Robert Bradbury wrote:
>I think I'm responding to Nick Bostrom, following some discussion
>by Jason Thompson & Hal Finney, but I'm not sure given the
>forwarding this went through.
>
> >But finding a second source of intelligent life, in our relative vicinity,
> >would dramatically boost the support for those theories which say that
> >intelligent life is common. (My PhD thesis at
> >http://www.anthropic-principle.com/phd has more on this and many other
> >related topics.)
>
>I think you may need to refine the term "intelligent life" a bit.

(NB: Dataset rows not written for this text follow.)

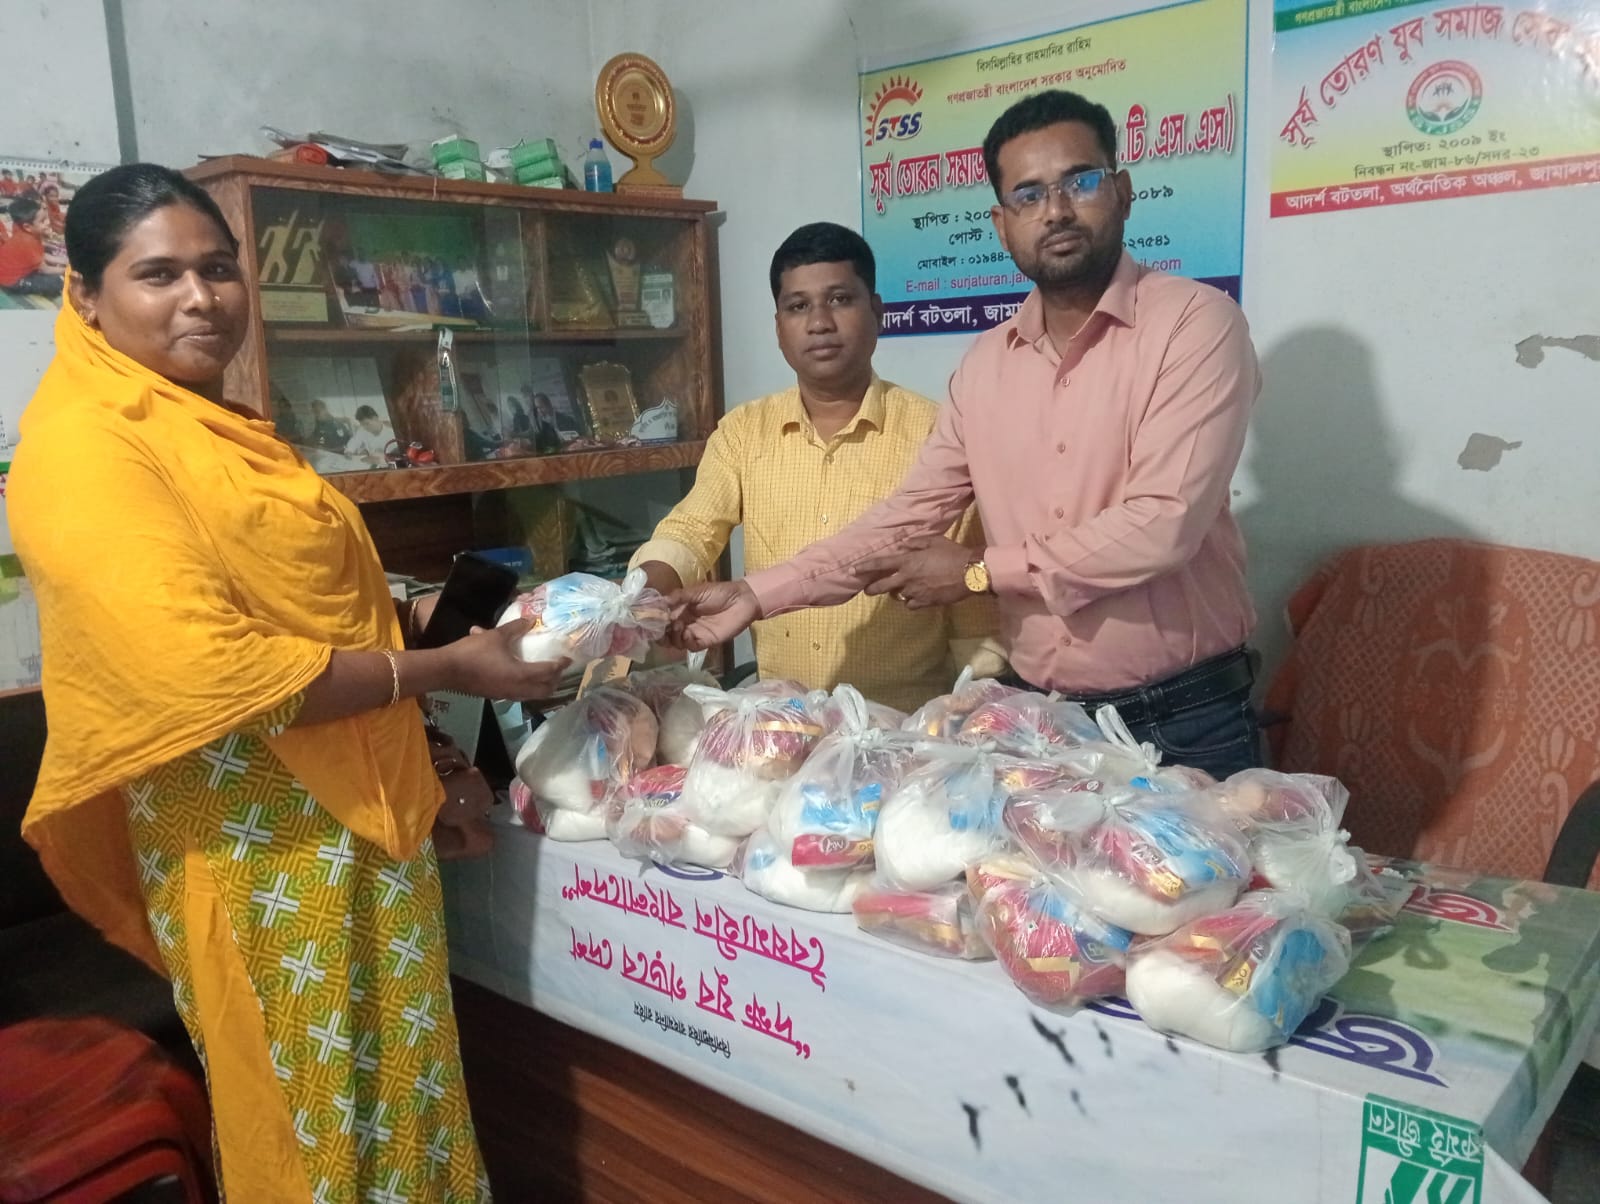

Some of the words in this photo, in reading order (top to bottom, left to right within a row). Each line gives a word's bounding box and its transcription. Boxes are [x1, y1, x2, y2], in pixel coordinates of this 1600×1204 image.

[1066, 36, 1092, 53] রাহিম
[1320, 33, 1384, 107] তোরণ
[1390, 16, 1426, 62] যুব
[1433, 5, 1505, 41] সমাজ
[996, 76, 1037, 96] বাংলাদেশ
[1041, 69, 1073, 86] সরকার
[1076, 57, 1127, 80] অনুমোদিত
[876, 111, 923, 141] STSS
[1439, 134, 1482, 149] ২০০৯
[896, 154, 941, 196] তোরন
[1286, 187, 1325, 209] আদর্শ
[1529, 158, 1600, 184] জামালপু
[949, 228, 984, 245] পোস্ট
[964, 210, 992, 223] ২০০
[917, 255, 957, 270] মোবাইল
[968, 251, 1013, 265] ০১৯৪৪-
[906, 279, 940, 293] E-mail
[569, 926, 613, 970] দেশ
[692, 897, 827, 993] বৈষম্যহীন
[620, 943, 687, 1003] গড়বে
[694, 966, 736, 1021] যুব
[1366, 1104, 1421, 1158] জীবন
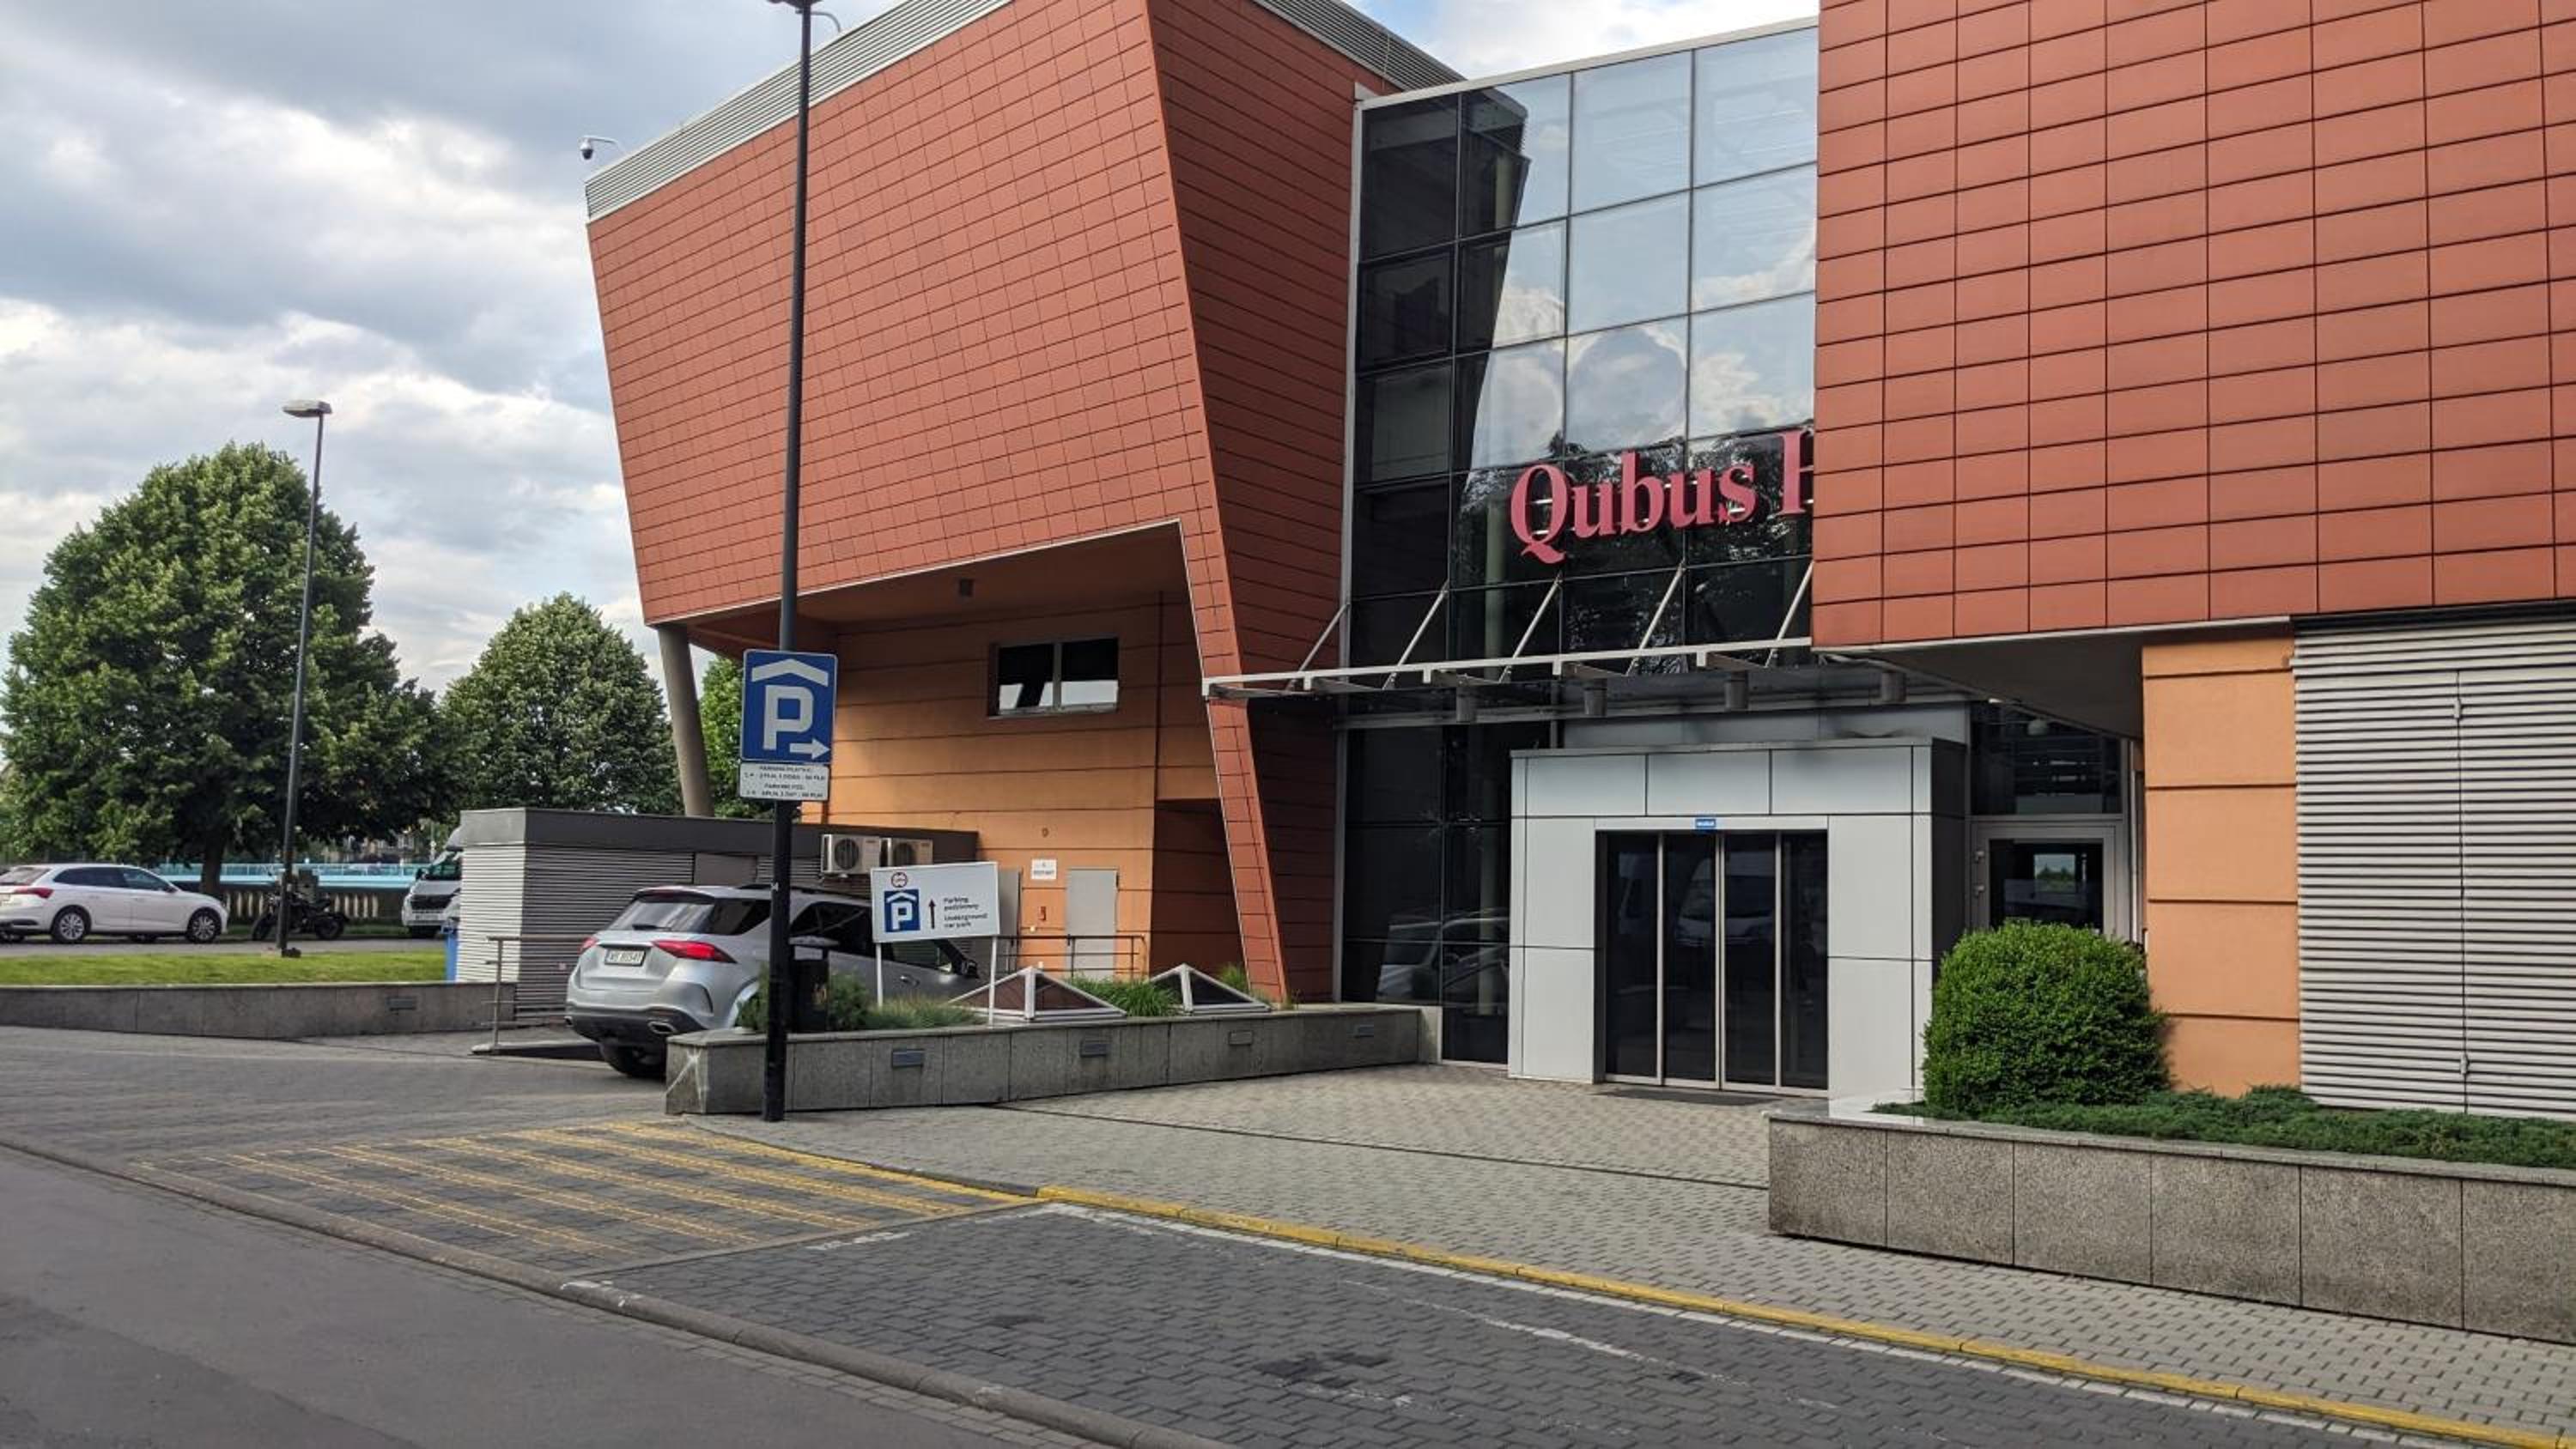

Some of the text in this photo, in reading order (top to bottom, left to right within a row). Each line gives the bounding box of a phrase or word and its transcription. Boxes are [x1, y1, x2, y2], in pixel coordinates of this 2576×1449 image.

[1510, 449, 1756, 564] Qubus
[762, 685, 814, 750] P
[890, 901, 913, 931] P
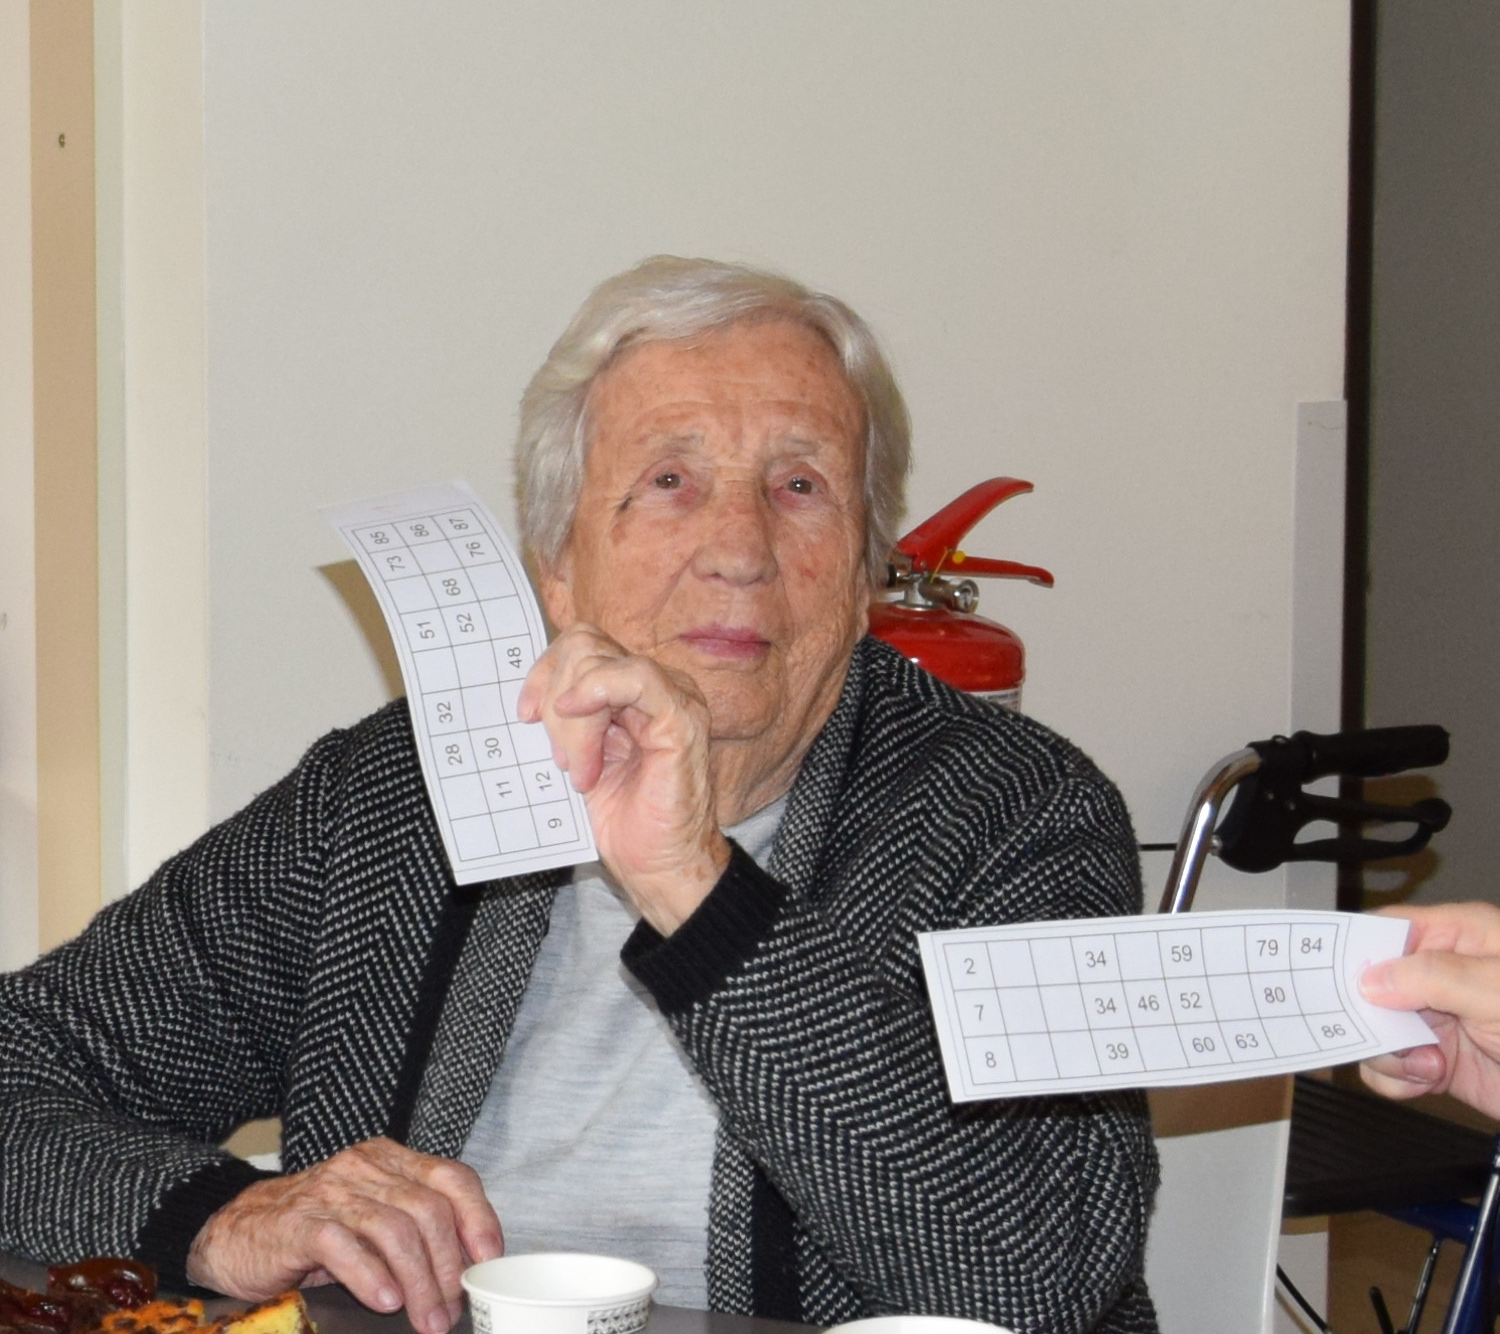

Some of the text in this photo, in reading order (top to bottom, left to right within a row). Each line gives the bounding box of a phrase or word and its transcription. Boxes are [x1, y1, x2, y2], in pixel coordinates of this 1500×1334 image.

Yes and no. No in the sense that for this particular application I don't
think it makes much difference how you define an "observer", namely if you
think that the real difficulty was getting to complex organisms (like
vertebrae) and that the step from there to human-level intelligence was
*relatively* easy. But yes in the sense that there are many other cases
where how you define "observer" will make a big difference to what results
you get when trying to account for observational selection effects. The
more general problem here is how to define the reference class. (Remember,
the Self-Sampling Assumption says you should think of yourself as a random
sample from all observers in your reference class, so you need to know what
that class is.) The precise solution to this is not currently known (though
I have some ideas that I haven't yet articulated that possibly might solve
this.)
> >For example, we can compare
> >the time it actually took for intelligent life to evolve and compare that
> >to the time that was available (an upper bound on which is given by the
> >time when the sun engulfs the earth in about five billion years).
>
>Hsssss... The sun engulfing the planet is a very poor limit unless
>you are taking a very anthropic view of what "life" must look like.
>The habitable water zones shrink as the stars get smaller (K & M
>class), but they are much more numerous and live much longer. Free-formed
>or wandering planets (flung out of solar systems by gravitational sling-shots)
>could still evolve life based on energy from gravitational contraction
>or radioactive decay if they formed in regions significantly enriched
>by SN explosions with radioactive elements. While the matter density
>of gas clouds is low, we know they are seedded with the building
>blocks of life, have energy sources in nearby stars and have very
>large (>> solar) masses (which may offset their low density).
I'm talking about the cut-off for the interval during which our earth could
evolve life. Presumably you agree that that is impossible after earth has
been evaporated and been absorbed by a red giant, don't you agree? (If
posthumans were to construct some kind of hardy life form that could
continue to evolve after that point, this obviously doesn't count, since
we're talking about the first point when intelligent life evolved, not how
long is can survive.)
As for the other life forms you mention, although they would be irrelevant
to the point I'm making, I also happen to think that they are even more
extremely improbable. If evolution of intelligent life is so hard even on a
nice planet like earth, then I can see no reason to think that it is a
frequent event in less hospitable environments. But that's a sidetrack.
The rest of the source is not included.